Provided material section start

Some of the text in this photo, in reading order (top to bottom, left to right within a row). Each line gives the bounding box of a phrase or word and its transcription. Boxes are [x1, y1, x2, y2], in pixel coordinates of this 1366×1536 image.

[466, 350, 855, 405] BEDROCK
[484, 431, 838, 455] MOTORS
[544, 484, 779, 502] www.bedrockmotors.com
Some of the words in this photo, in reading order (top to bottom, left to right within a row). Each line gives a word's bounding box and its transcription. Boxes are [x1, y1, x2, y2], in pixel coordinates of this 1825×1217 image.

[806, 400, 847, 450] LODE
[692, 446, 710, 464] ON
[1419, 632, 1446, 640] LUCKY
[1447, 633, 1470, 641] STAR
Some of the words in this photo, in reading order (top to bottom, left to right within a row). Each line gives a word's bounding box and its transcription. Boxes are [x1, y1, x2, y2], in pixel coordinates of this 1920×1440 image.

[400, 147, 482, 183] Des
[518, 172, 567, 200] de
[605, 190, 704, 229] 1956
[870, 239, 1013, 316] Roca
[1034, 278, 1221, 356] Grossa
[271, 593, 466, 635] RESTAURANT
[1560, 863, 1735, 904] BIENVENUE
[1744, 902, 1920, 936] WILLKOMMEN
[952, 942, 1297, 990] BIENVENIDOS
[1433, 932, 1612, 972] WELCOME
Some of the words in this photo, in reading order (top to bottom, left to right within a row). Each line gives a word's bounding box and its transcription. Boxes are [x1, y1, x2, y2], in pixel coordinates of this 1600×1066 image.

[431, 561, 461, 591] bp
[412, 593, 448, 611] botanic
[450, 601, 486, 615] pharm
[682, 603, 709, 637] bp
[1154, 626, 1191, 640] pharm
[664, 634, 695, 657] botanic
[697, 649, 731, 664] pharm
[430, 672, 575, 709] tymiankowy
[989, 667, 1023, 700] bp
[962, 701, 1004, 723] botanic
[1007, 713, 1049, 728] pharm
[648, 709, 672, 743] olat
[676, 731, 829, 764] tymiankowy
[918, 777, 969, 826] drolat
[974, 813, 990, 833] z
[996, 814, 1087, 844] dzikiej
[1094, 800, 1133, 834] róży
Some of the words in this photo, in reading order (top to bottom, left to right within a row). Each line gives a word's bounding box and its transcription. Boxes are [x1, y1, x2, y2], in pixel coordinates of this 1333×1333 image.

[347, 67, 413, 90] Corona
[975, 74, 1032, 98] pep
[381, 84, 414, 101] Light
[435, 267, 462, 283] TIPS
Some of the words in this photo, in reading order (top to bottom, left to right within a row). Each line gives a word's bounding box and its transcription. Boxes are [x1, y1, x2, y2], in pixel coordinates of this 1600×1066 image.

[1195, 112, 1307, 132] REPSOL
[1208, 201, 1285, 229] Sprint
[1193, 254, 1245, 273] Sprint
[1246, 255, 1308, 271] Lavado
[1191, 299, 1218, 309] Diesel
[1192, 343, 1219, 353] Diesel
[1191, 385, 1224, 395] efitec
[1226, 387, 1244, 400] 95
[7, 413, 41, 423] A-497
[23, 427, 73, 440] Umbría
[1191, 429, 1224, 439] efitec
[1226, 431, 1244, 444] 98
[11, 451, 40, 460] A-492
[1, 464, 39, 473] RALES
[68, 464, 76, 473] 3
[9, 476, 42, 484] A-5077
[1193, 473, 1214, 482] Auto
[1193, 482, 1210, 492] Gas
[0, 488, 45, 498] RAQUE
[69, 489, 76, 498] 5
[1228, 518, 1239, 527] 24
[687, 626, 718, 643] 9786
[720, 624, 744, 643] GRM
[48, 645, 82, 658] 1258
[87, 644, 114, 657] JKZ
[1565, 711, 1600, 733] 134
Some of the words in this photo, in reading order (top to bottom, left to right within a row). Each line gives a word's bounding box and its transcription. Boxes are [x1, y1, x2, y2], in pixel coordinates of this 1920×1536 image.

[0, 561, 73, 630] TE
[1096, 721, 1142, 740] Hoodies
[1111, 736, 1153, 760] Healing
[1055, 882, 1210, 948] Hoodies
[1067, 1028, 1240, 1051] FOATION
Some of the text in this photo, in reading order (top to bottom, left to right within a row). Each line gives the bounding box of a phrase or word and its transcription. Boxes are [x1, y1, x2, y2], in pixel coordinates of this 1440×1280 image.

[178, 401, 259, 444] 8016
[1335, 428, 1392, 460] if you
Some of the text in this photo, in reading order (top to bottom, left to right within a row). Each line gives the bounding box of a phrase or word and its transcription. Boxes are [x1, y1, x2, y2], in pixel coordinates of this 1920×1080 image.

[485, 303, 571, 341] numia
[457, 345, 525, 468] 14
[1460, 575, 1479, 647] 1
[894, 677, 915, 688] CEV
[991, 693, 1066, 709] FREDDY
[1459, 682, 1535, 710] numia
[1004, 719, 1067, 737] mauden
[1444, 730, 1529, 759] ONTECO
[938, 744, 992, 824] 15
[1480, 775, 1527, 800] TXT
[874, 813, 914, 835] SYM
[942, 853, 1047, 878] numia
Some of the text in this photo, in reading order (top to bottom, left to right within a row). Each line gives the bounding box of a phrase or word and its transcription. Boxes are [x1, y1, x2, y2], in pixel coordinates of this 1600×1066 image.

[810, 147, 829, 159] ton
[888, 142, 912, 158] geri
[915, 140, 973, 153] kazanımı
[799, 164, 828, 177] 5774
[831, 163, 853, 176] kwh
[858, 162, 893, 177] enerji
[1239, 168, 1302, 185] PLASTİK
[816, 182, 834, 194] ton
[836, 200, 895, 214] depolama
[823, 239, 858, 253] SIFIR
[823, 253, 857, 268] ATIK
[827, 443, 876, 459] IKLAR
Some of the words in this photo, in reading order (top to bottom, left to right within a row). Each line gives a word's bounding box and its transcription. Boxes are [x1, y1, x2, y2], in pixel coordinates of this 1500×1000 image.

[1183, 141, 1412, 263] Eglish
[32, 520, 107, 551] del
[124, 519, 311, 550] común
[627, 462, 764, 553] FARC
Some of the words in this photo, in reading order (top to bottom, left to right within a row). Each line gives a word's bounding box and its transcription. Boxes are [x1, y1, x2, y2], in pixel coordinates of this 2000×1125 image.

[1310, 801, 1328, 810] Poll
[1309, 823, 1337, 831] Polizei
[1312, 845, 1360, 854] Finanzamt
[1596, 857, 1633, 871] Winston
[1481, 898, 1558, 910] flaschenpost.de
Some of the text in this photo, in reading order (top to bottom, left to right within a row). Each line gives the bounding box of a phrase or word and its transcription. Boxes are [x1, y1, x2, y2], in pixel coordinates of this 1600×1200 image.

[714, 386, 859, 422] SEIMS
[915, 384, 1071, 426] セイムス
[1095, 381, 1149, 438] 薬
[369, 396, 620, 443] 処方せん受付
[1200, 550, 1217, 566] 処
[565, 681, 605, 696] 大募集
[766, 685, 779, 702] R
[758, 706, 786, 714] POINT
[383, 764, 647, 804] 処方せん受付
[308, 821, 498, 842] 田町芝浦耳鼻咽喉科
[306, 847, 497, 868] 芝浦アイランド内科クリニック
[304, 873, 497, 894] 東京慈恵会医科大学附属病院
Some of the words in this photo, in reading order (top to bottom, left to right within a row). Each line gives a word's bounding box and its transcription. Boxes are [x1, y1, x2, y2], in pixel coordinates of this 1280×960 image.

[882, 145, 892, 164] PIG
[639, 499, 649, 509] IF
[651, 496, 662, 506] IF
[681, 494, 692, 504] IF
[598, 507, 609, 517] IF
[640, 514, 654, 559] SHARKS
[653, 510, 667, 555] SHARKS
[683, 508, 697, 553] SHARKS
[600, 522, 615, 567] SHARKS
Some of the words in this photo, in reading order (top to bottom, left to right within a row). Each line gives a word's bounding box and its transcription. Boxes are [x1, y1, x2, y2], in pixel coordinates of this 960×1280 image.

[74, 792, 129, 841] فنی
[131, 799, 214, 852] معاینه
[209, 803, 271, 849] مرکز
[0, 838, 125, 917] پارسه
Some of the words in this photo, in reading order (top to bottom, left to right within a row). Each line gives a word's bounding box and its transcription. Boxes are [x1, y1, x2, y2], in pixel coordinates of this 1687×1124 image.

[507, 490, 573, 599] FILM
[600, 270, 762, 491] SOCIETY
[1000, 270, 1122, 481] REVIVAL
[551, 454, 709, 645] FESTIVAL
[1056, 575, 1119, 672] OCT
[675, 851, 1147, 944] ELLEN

Provided material section end

■ **The problem**:
An exact repeat of the lines from the one containing "this 1280×960 image." through the final line above, both included, is the whole answer.

■ **Result below**:
Some of the words in this photo, in reading order (top to bottom, left to right within a row). Each line gives a word's bounding box and its transcription. Boxes are [x1, y1, x2, y2], in pixel coordinates of this 1280×960 image.

[882, 145, 892, 164] PIG
[639, 499, 649, 509] IF
[651, 496, 662, 506] IF
[681, 494, 692, 504] IF
[598, 507, 609, 517] IF
[640, 514, 654, 559] SHARKS
[653, 510, 667, 555] SHARKS
[683, 508, 697, 553] SHARKS
[600, 522, 615, 567] SHARKS
Some of the words in this photo, in reading order (top to bottom, left to right within a row). Each line gives a word's bounding box and its transcription. Boxes are [x1, y1, x2, y2], in pixel coordinates of this 960×1280 image.

[74, 792, 129, 841] فنی
[131, 799, 214, 852] معاینه
[209, 803, 271, 849] مرکز
[0, 838, 125, 917] پارسه
Some of the words in this photo, in reading order (top to bottom, left to right within a row). Each line gives a word's bounding box and its transcription. Boxes are [x1, y1, x2, y2], in pixel coordinates of this 1687×1124 image.

[507, 490, 573, 599] FILM
[600, 270, 762, 491] SOCIETY
[1000, 270, 1122, 481] REVIVAL
[551, 454, 709, 645] FESTIVAL
[1056, 575, 1119, 672] OCT
[675, 851, 1147, 944] ELLEN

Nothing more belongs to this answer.